• [WHAT IS NEEDED] Show all lines below holding the string "Entrada".

• [SOURCE INFORMATION]
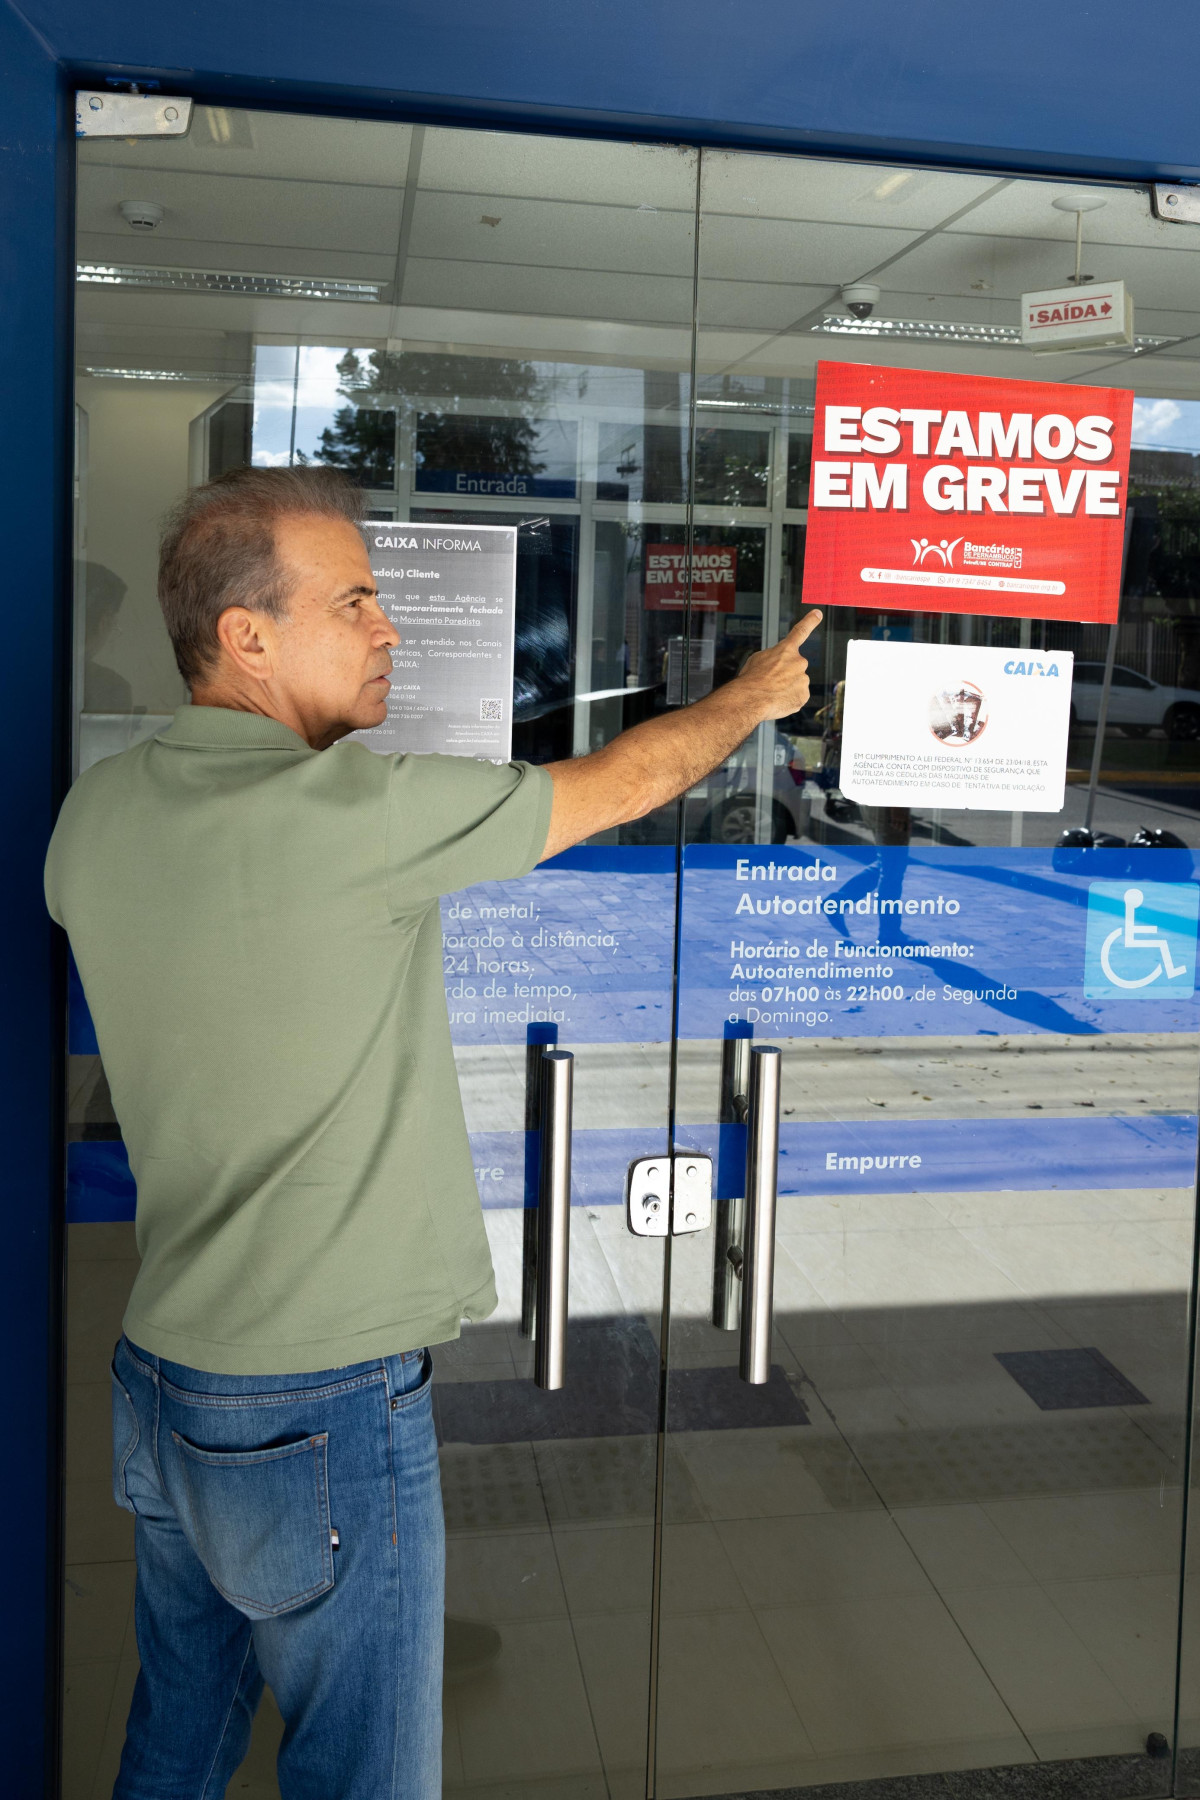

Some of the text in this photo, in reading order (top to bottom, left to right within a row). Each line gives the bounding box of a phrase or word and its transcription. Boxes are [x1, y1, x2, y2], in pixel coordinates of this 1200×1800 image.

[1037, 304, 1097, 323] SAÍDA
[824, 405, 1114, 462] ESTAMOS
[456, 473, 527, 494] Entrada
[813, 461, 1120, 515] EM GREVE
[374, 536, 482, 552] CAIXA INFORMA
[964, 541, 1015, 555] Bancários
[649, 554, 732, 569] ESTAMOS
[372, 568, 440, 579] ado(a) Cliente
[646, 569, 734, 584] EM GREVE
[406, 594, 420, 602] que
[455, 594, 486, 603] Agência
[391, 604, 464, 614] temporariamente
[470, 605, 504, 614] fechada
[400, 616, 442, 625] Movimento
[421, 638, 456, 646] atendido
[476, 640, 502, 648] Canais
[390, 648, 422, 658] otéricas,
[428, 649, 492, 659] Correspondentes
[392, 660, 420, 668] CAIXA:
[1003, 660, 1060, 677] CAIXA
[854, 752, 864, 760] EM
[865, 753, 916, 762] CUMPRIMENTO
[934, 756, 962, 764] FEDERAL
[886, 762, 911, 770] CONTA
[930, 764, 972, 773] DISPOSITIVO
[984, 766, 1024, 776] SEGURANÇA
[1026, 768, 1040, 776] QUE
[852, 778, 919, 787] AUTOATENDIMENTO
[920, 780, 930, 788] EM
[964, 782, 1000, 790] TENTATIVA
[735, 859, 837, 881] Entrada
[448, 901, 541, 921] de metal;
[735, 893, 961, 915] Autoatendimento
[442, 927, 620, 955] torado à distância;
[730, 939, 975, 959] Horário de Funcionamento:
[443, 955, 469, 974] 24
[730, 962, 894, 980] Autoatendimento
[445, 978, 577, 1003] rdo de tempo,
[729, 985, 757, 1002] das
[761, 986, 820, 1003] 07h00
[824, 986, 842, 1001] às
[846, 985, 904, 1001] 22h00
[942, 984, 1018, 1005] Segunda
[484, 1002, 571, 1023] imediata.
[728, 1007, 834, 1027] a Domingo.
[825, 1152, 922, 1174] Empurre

• [TASK ANSWER]
[456, 473, 527, 494] Entrada
[735, 859, 837, 881] Entrada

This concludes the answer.